The flexor retinaculum (transverse carpal ligament, or anterior annular ligament) is a strong, fibrous band of the hand that arches over the carpal bones. By covering the carpal bones if forms the carpal tunnel, through which the median nerve and tendons of muscles which flex the hand pass.
On the ulnar side, the flexor retinaculum attaches to the pisiform bone and the hook of the hamate bone. On the radial side, it attaches to the tubercle of the scaphoid bone, and to the medial part of the palmar surface and the ridge of the trapezium bone.
The flexor retinaculum is continuous with the palmar carpal ligament, and deeper with the palmar aponeurosis. The ulnar artery and ulnar nerve, and the cutaneous branches of the median and ulnar nerves, pass on top of the flexor retinaculum.
At its lateral end is the tendon of the flexor carpi radialis, which lies in the groove on the greater multangular between the attachments of the ligament to the bone.

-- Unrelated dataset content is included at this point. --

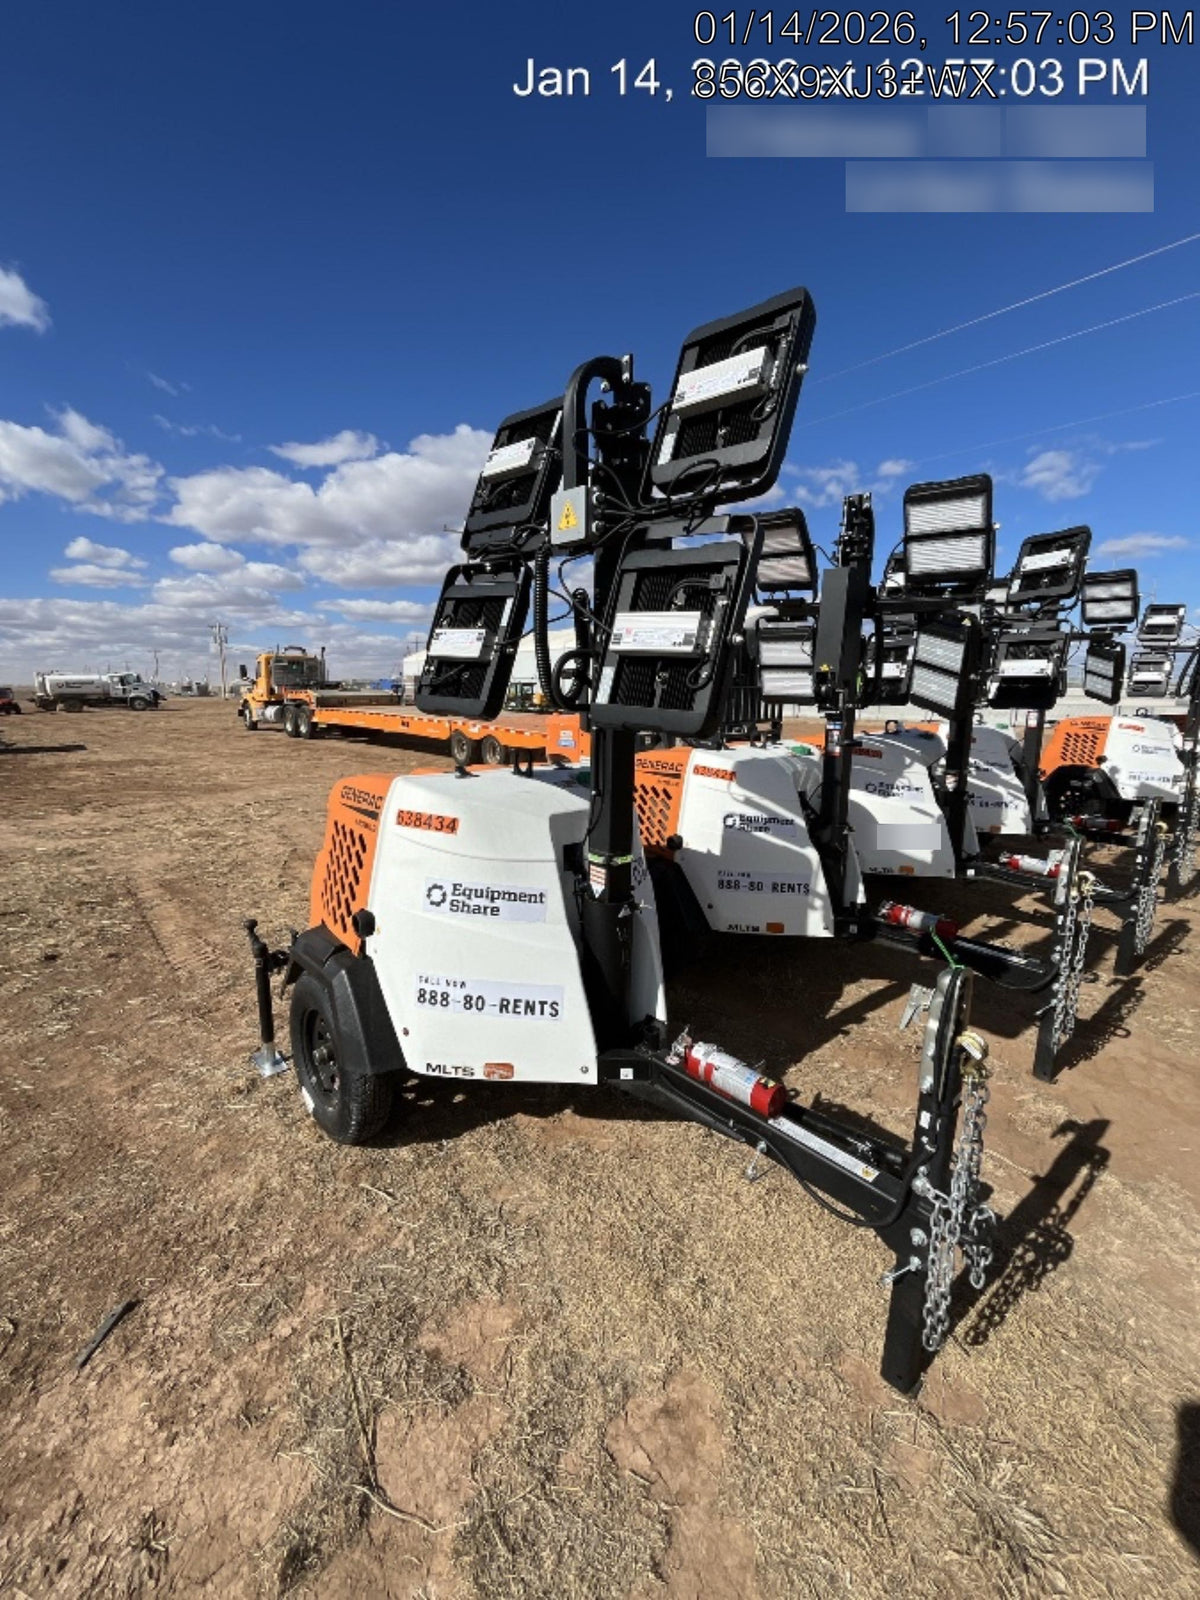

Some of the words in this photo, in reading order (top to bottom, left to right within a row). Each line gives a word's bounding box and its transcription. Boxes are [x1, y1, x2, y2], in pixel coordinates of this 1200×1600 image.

On its palmar surface the tendons of the palmaris longus and flexor carpi ulnaris are partly attached; below, the short muscles of the thumb and little finger originate from the flexor retinaculum.
Ten fresh-frozen cadaver wrists were used to digitize three-dimensionally. The attachments of each ligament were represented in a model combining CT surfaces overlaid by a digitized 3-D surface, and were also visually depicted with a different color for each on 3-D images of the bones.
The flexor retinaculum was found to be composed of two or three discrete ligaments. Both the trapezium-hook of hamate ligament and the trapezium-pisiform ligament were identified in all ten specimens. The scaphoid-pisiform ligament was found in only two of the ten specimens. The average areas of the attachments of the TCL were 42.7 mm(2) on the trapezium, 30.0 mm(2) on the hook of hamate, 21.6 mm(2) on the pisiform, and 12.7 mm(2) on the scaphoid.
The anatomic 3-D attachment sites of the TCL were visually shown qualitatively, and their areas quantified. This 3-D information offers further knowledge and understanding of the anatomy and biomechanics of the TCL. It could also help in the accurate assessment of radiographic images and treatment of various wrist injuries and diseases when performing such procedures as carpal tunnel release, Guyon's canal release, trapeziectomy, hook of hamate excision, or arthroscopy 1).